I'm relatively happy to wave August goodbye, with its seasonal thunderstorms and floods, and memories of hospitals, and one too many stresses of the here and now.

I’m waving it farewell in order to welcome the start to one of my favorite times of the year:

**Christmas** 
(which is a September - January affair for me).


September is the ideal time for thinking anything shining, shimmering, splendid. So as I sit, trying to ram knowledge into my brain, my mind tends to wander to more delightful things. But this blog is officially welcoming you the best holiday season ever!.
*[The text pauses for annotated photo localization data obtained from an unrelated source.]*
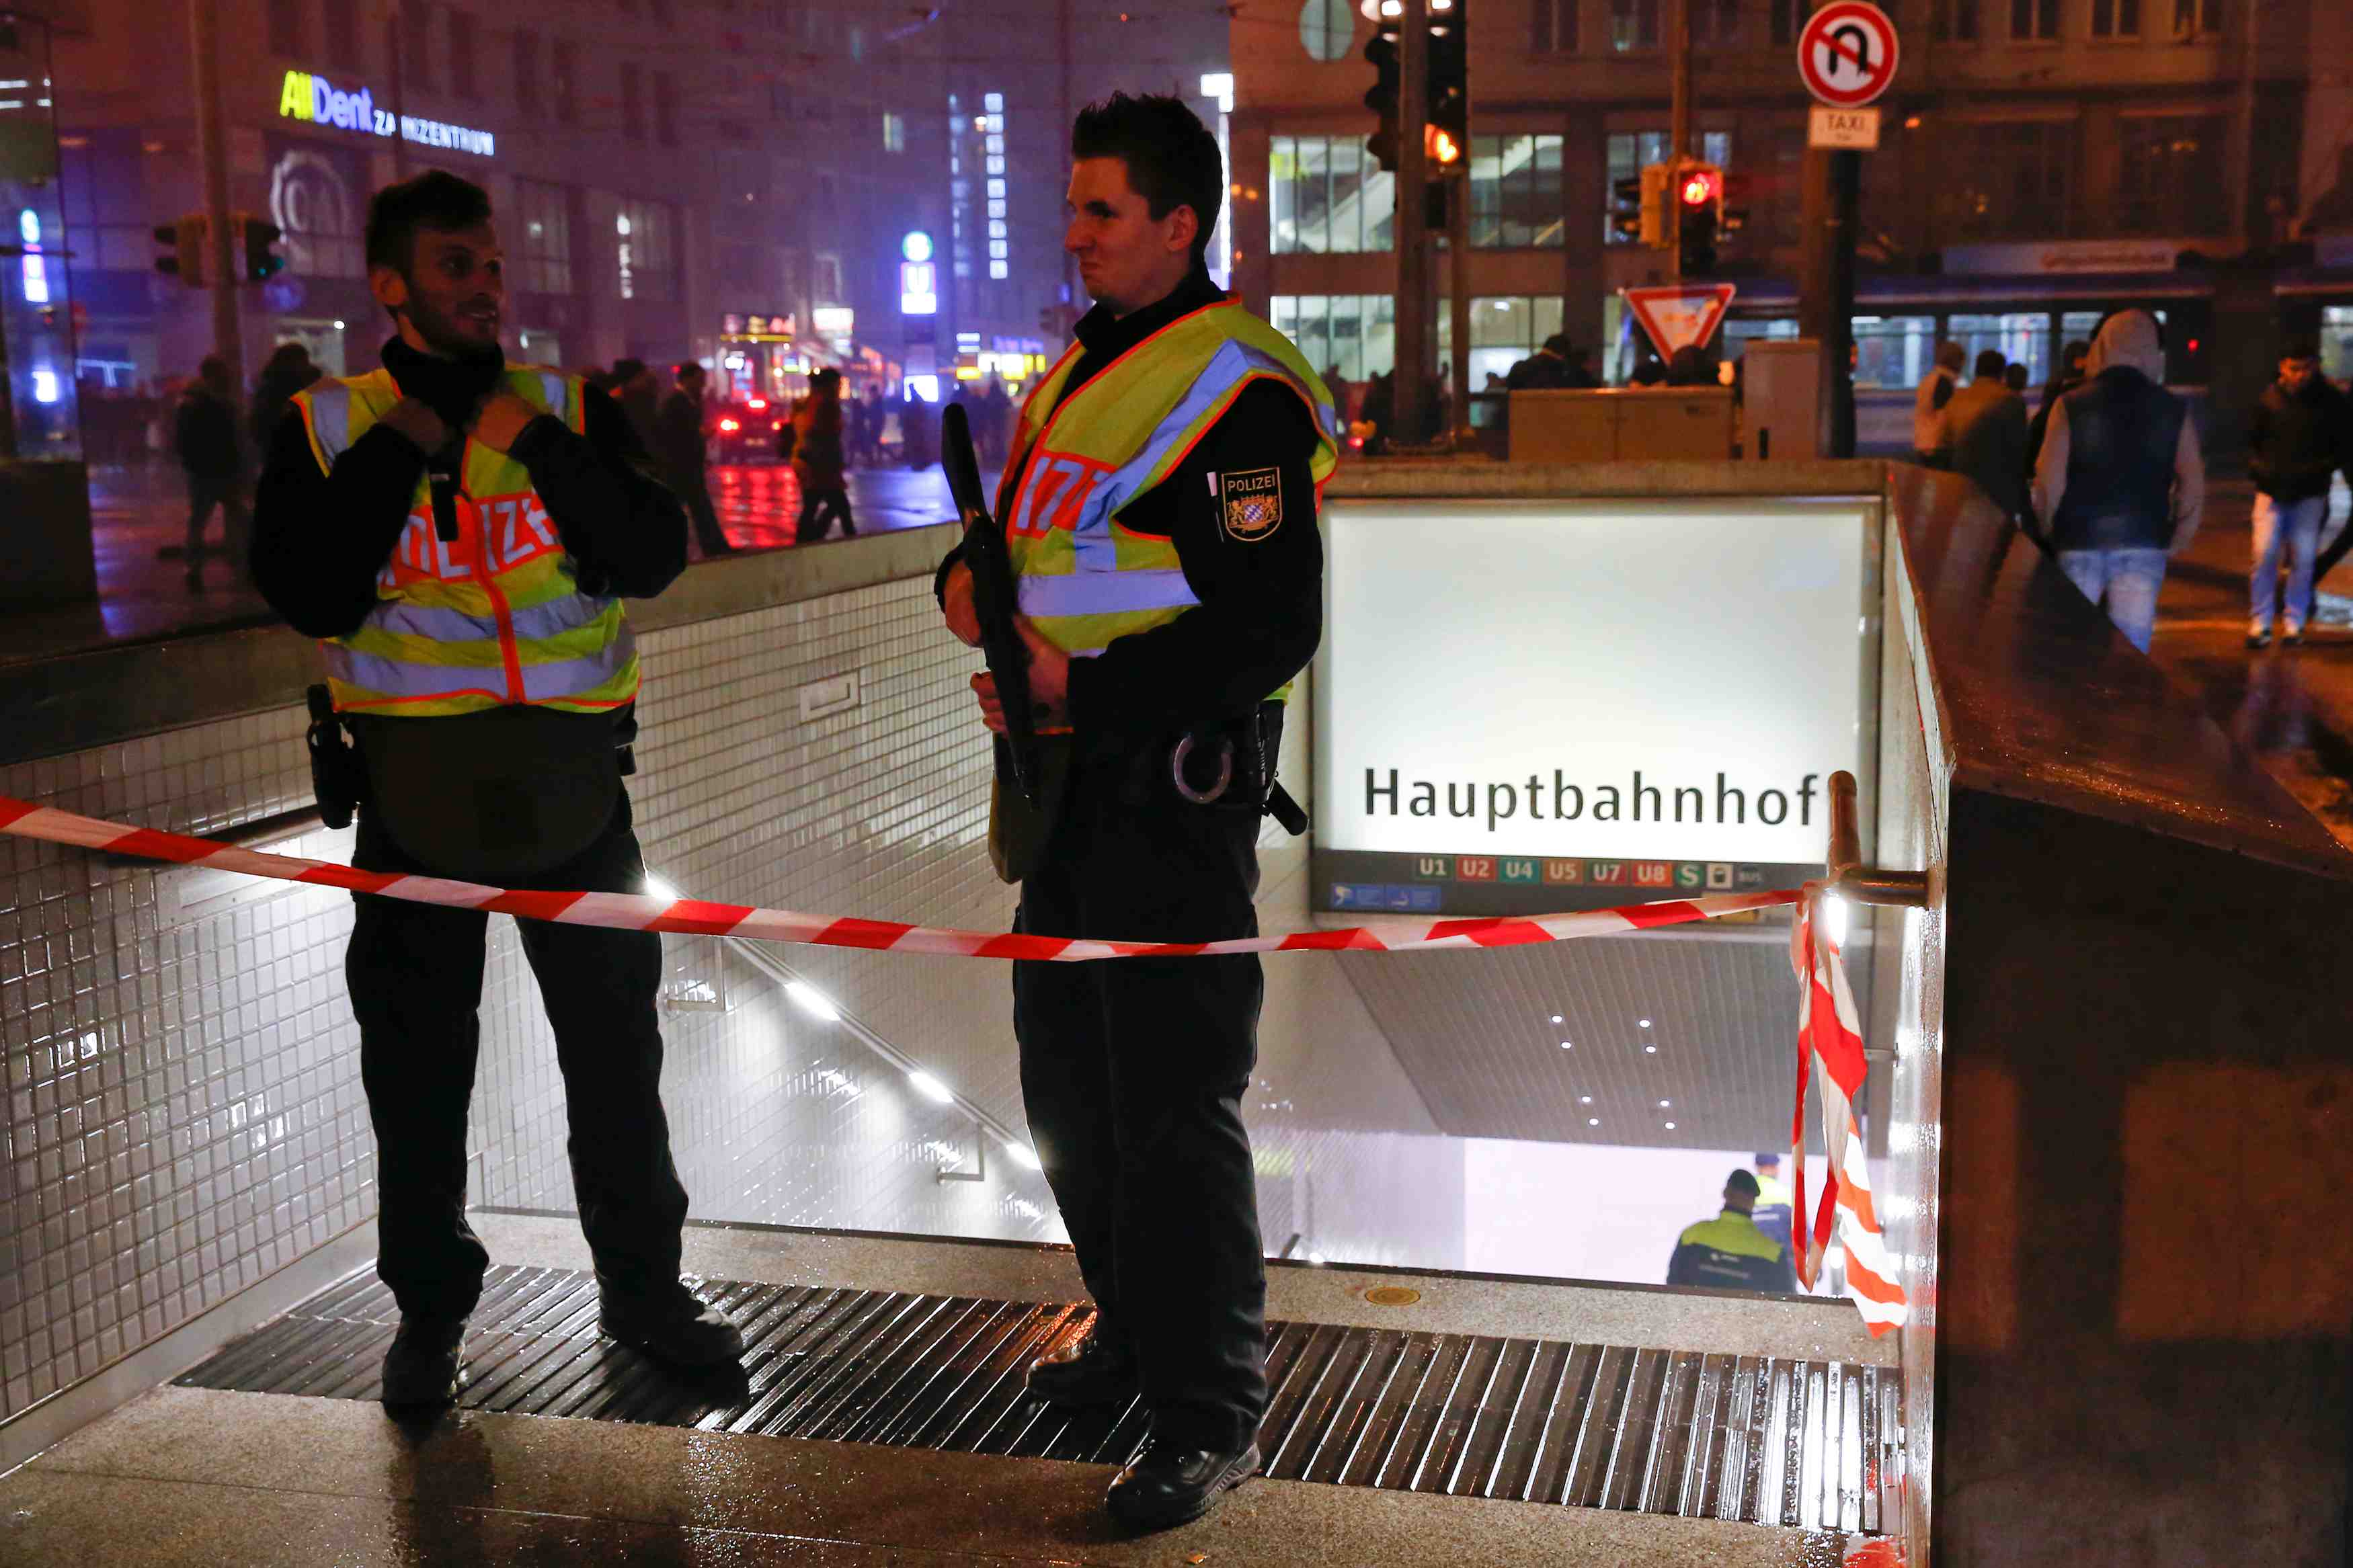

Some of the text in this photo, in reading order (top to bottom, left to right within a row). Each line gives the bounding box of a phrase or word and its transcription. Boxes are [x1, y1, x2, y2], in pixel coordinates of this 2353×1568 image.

[280, 70, 374, 134] AllDent
[1827, 115, 1865, 130] TAXI
[1228, 474, 1275, 492] POLIZEI
[1365, 768, 1818, 831] Hauptbahnhof
[1420, 858, 1447, 875] U1
[1462, 860, 1490, 877] U2
[1505, 862, 1533, 879] U4
[1549, 862, 1577, 880] U5
[1593, 864, 1621, 881] U7
[1637, 864, 1665, 882] U8
[1681, 864, 1700, 886] S
And such as what I want to do this December:

*Treat mother to her favorite place
*Have a picnic in some beautiful gardens
*Watch live TV show
*Make no-bake goodies as Christmas give-aways
*Visit bazzars and night markets.
*Eat at Banchettos in Pasig.
*Sleep in a hammock
*Go to the zoo and look at penguins.


I'm sure more things will pop into my head as I think about it...
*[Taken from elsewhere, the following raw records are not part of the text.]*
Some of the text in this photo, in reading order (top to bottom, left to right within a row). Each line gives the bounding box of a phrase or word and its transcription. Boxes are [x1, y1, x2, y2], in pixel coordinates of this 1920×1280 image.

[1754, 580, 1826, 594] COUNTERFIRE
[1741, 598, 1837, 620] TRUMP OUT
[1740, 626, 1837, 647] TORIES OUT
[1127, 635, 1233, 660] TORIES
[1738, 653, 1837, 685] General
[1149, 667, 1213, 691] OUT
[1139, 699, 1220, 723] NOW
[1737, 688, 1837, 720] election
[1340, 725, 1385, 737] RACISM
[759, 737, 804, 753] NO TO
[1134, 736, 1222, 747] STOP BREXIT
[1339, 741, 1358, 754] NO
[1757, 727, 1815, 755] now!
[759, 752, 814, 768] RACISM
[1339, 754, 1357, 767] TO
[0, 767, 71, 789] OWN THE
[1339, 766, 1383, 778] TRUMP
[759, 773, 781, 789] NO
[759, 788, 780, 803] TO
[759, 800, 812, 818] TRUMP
Christmas to me is always more than just the 25th, it's the run up to it.

So, there. I give up. I'll keep my anticipation, thank-you very much, and you can keep your problems. I don't want them, they’re bitter and thoughtful.

::

Thursday, August 29, 2013

Where I Screamed My Head Off

People are way too serious about death. I am serious about death. It hurts, it's unfair, it's scary as hell, it's despiteful, all that's true. But sometimes the only way to get through it is to recognize the ridiculous in the horrible. Because what will it all matter in a hundred years. Because life is silly. Because we're all just temporary. And because what else can you do.

I say a lot of times that while I am hopeful and a great believer of God’, I am also a realist. I don’t do fantasy or make-believe. I know cancer. Not all of it though but I know it’s alive and vicious, will go to remission for awhile but fired back at an instant.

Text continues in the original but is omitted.